Custody agreements in Rhode Island must provide some type of medical support and coverage for children whose parents are divorced or separated. The state office of Child Support Services outlines how children should receive medical coverage, depending on the income and employment status of both the custodial and non-custodial parent.
When is private medical coverage ordered?
In many instances, the courts will order that the non-custodial parent must provide medical coverage in a child support and custody agreement if that parent has medical coverage through their employer at no cost or a reasonable cost. Reasonable cost is defined under Rhode Island law as 5% or less of the non-custodial parent’s gross income each month. In such cases, the employer will receive a National Medical Support Notice (NMSN) to enroll the child in the insurance plan. Some children may also qualify for additional services. If the amount that the non-custodial parent is more than 5%, then the court may order that that non-custodial parent pay an additional 5% of monthly income directly to Rhode Island Family Court/State Disbursement Unit (SDU), which would pay for the child’s medical coverage under Rite Care, the state’s Medicaid managed care program.

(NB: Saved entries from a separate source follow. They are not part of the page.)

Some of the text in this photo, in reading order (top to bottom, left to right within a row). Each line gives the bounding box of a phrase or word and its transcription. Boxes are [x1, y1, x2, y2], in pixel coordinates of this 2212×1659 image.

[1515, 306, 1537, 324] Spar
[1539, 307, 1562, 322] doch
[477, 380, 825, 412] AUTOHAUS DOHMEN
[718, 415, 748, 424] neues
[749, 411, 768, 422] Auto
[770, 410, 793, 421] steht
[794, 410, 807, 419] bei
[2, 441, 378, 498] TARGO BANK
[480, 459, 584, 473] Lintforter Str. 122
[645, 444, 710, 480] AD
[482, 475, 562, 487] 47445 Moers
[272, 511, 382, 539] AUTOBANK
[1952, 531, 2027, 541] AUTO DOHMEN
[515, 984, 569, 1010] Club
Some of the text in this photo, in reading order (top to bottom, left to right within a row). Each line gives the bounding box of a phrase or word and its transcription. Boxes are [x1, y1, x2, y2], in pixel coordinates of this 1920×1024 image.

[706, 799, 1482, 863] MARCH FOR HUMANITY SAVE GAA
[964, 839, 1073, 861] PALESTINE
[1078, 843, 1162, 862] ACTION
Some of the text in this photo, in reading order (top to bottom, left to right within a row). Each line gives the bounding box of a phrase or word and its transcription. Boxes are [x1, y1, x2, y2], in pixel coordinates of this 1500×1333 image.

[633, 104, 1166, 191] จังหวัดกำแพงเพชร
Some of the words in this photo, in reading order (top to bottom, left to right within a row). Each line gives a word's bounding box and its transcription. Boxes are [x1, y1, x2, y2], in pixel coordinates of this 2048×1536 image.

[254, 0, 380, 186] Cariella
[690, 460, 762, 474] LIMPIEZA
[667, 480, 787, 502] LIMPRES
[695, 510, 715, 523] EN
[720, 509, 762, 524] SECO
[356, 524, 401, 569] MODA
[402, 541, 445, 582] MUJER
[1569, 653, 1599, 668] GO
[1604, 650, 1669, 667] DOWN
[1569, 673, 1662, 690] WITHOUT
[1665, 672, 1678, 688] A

What if I don’t want the coverage from my child’s non-custodial parent?
Understanding Rhode Island’s guidelines for child support while you are negotiating a divorce can help avoid child support problems. If you have accessed Rite Care for your child’s medical needs because you don’t make enough money to pay for health insurance, you have assigned your child’s health care to the state.
As the custodial parent, you are required to cooperate with the state’s decision. In addition to working with a legal professional, Rhode Island’s custodial support office can help you manage your child support issues.